Exercise description:
Please restate all of the records word for word, setting the pictures aside.

Information shown:
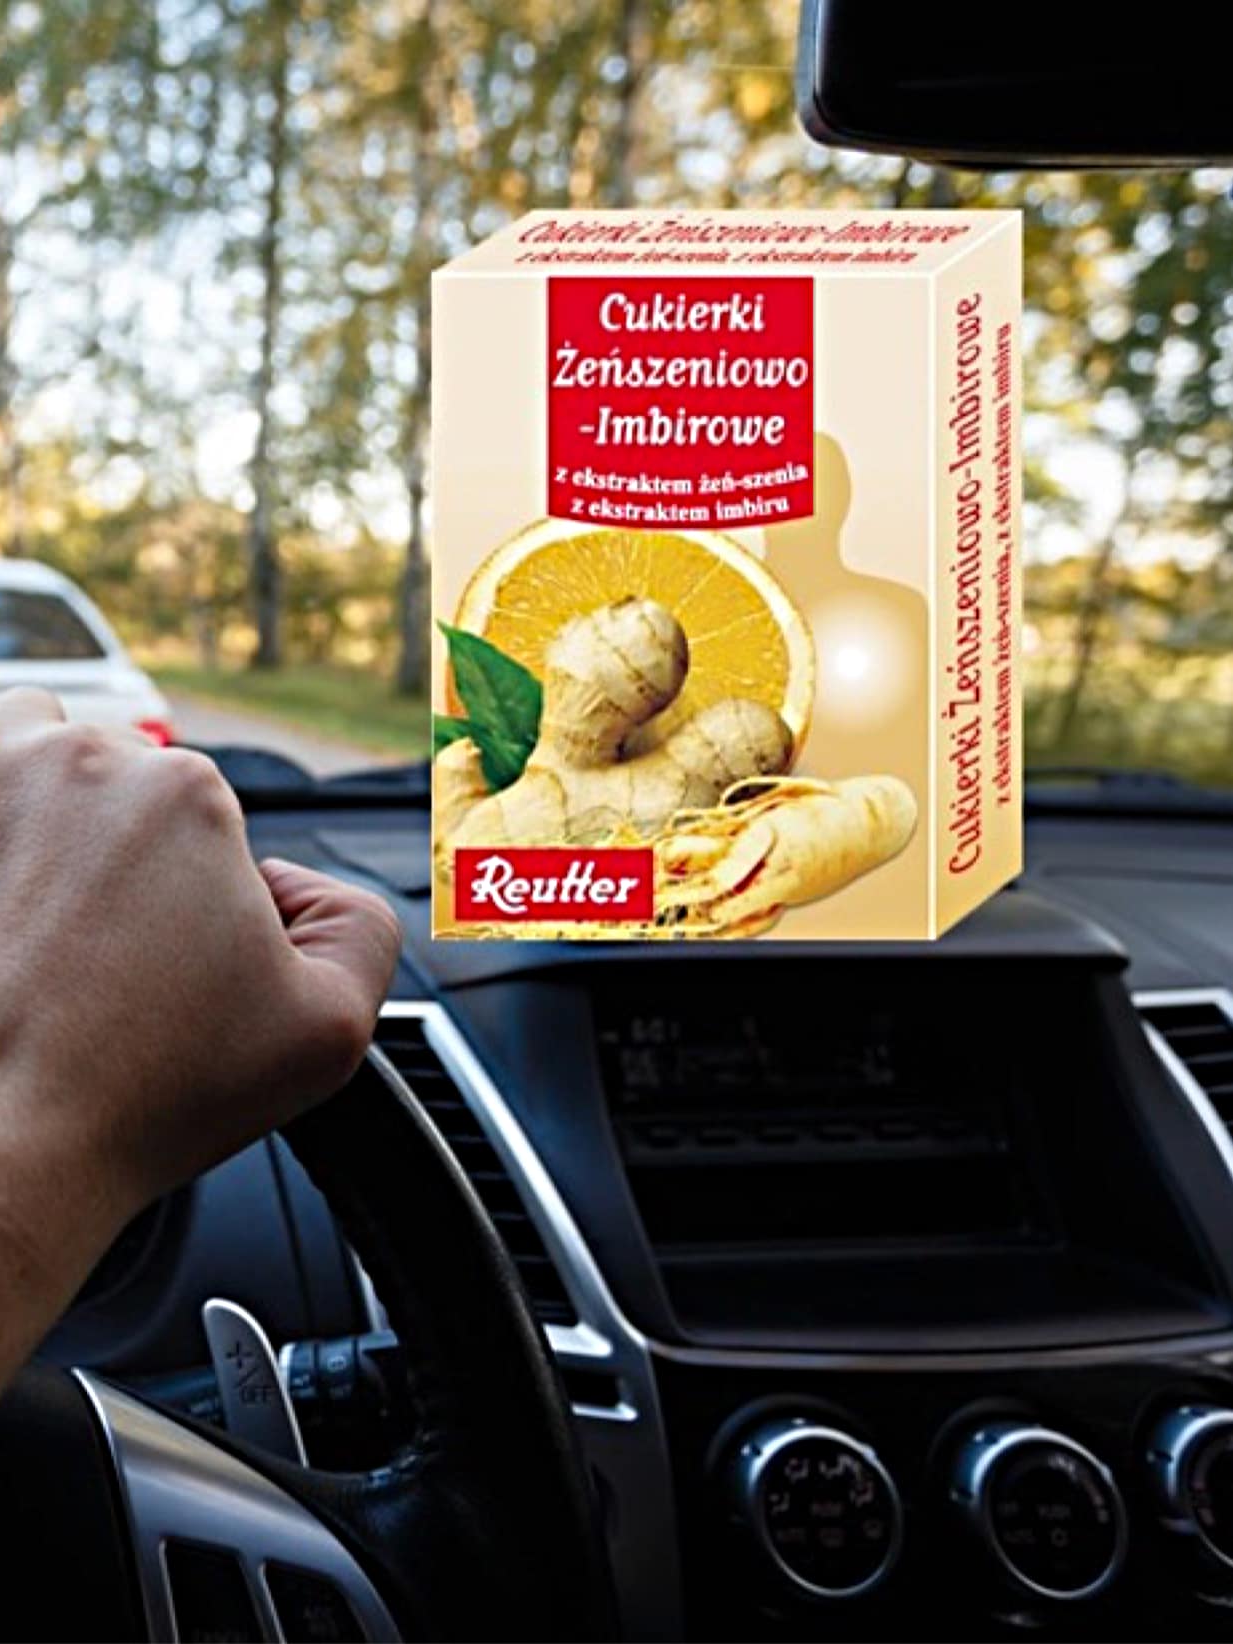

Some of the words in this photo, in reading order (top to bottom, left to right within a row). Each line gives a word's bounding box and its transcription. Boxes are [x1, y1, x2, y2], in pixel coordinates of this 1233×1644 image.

[598, 292, 765, 332] Cukierki
[553, 340, 809, 388] Żeńszeniowo
[578, 405, 785, 445] -Imbirowe
[554, 465, 569, 482] z
[571, 467, 693, 494] ekstraktem
[570, 496, 585, 514] z
[588, 497, 710, 521] ekstraktem
[715, 495, 790, 520] imbiru
[948, 717, 982, 874] Cukierki
[470, 854, 641, 914] Reutter
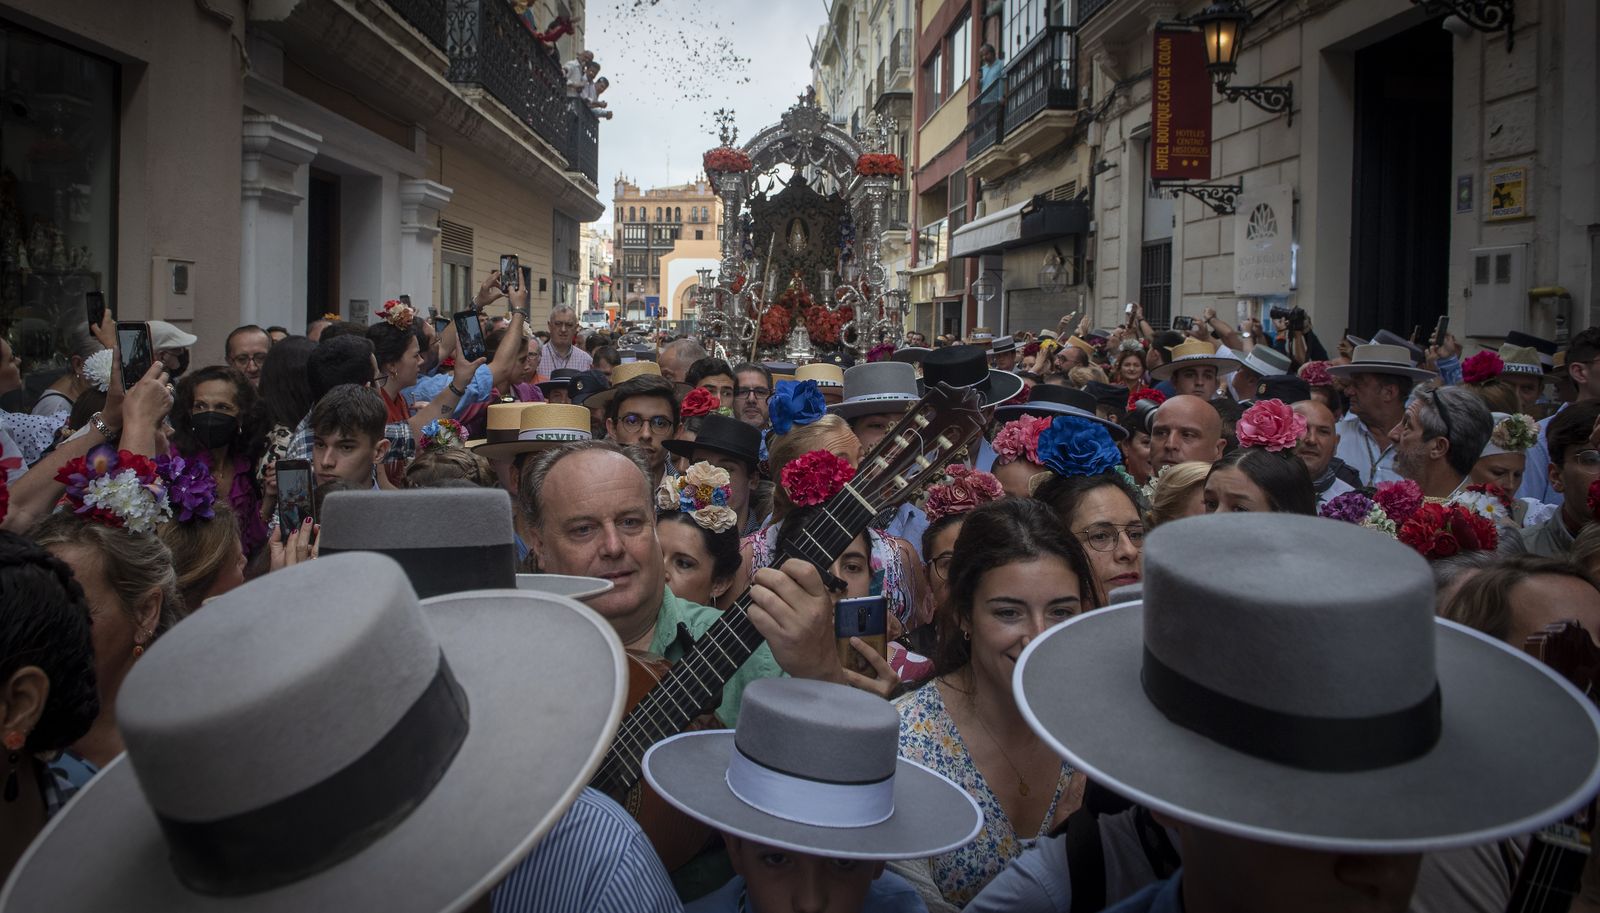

Expected answer:
Some of the words in this photo, in reading order (top to bottom, left to right within a row). Each line gives a word's bounding box and its transcription. Boxes are [x1, y1, x2, y2], in pixel coordinates of this 1233×1644 image.

[598, 292, 765, 332] Cukierki
[553, 340, 809, 388] Żeńszeniowo
[578, 405, 785, 445] -Imbirowe
[554, 465, 569, 482] z
[571, 467, 693, 494] ekstraktem
[570, 496, 585, 514] z
[588, 497, 710, 521] ekstraktem
[715, 495, 790, 520] imbiru
[948, 717, 982, 874] Cukierki
[470, 854, 641, 914] Reutter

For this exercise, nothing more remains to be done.